TASK DETAILS
Would you retype exactly the lines below, starting with the one that has "this 1600×1200 image." and going on through the one that has "this 1632×640 image.", with no pictures and nothing else?

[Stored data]
——
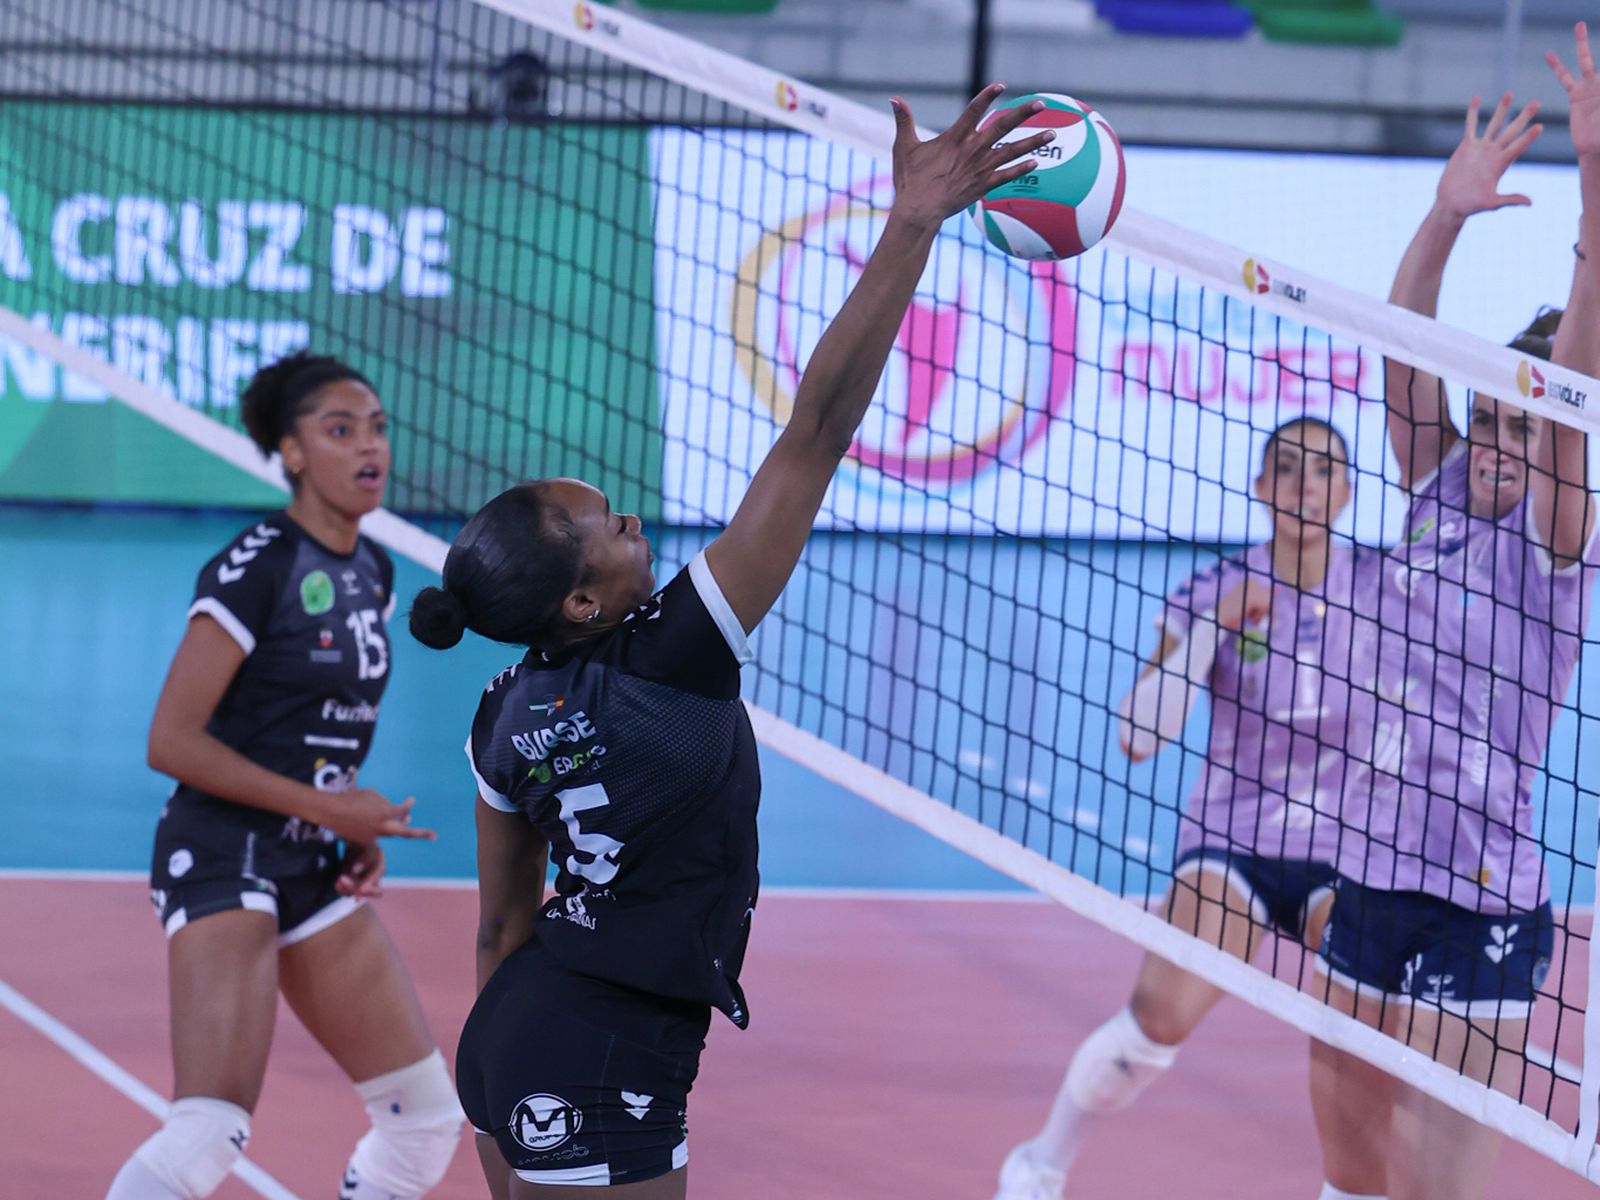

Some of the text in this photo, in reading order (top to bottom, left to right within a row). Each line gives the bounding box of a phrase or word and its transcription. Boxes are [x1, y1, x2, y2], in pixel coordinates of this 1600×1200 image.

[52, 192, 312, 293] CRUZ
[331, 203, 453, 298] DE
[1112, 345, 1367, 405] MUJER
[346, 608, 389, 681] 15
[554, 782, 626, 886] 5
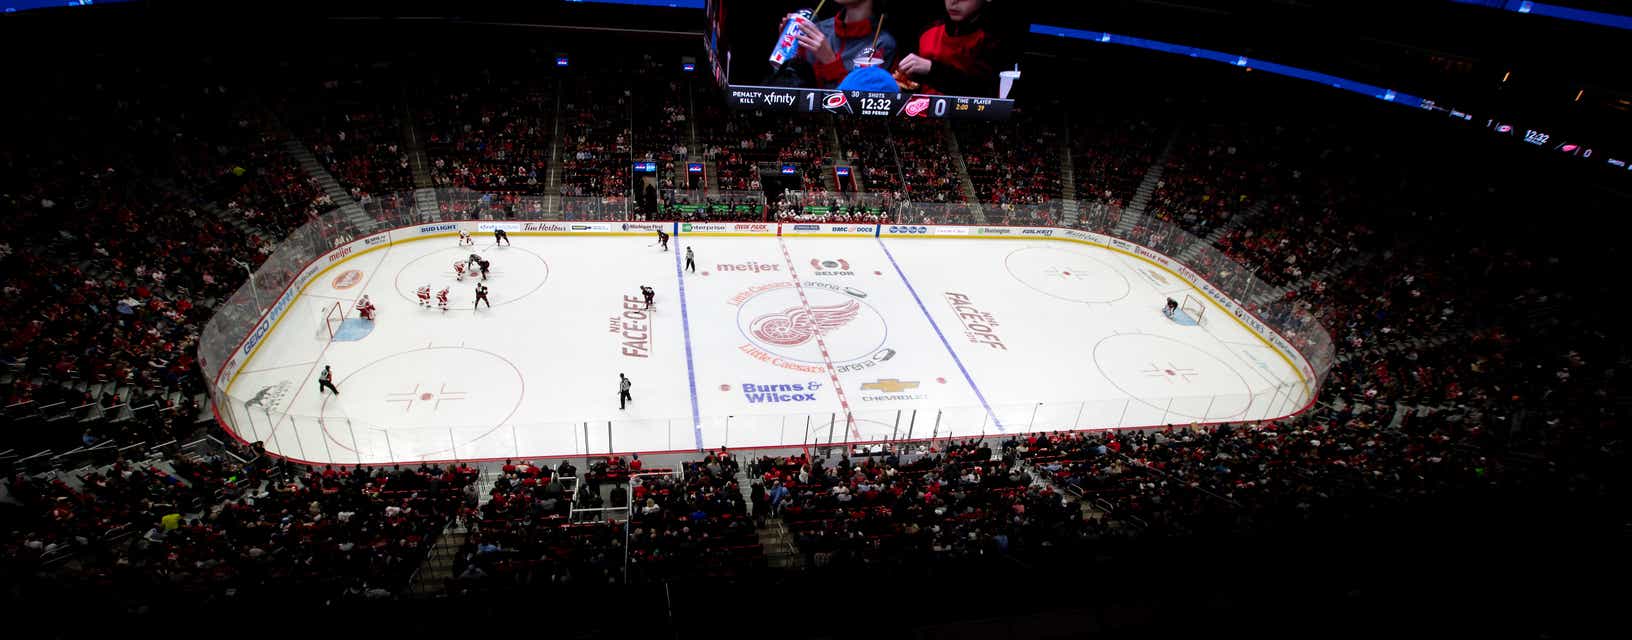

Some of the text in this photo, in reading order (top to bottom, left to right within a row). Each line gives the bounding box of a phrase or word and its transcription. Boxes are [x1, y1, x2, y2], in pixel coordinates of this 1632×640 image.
——
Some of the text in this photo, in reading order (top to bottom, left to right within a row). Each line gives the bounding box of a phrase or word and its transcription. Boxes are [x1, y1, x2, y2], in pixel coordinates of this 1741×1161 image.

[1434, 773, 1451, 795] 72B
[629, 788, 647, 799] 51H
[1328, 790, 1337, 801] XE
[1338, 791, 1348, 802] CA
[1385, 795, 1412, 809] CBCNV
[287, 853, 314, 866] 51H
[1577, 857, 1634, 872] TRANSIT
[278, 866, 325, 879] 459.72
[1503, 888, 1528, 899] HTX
——
RESPONSE AREA
Some of the text in this photo, in reading order (top to bottom, left to right within a row). Each line gives the bounding box of a phrase or word and its transcription. Boxes are [x1, y1, x2, y2], in pixel coordinates of this 1600×1200 image.

[52, 192, 312, 293] CRUZ
[331, 203, 453, 298] DE
[1112, 345, 1367, 405] MUJER
[346, 608, 389, 681] 15
[554, 782, 626, 886] 5

Some of the text in this photo, in reading order (top to bottom, left to right within a row). Each line gives the bounding box of a phrase or word and its transcription. Boxes are [x1, y1, x2, y2], in pixel coordinates of this 1632×640 image.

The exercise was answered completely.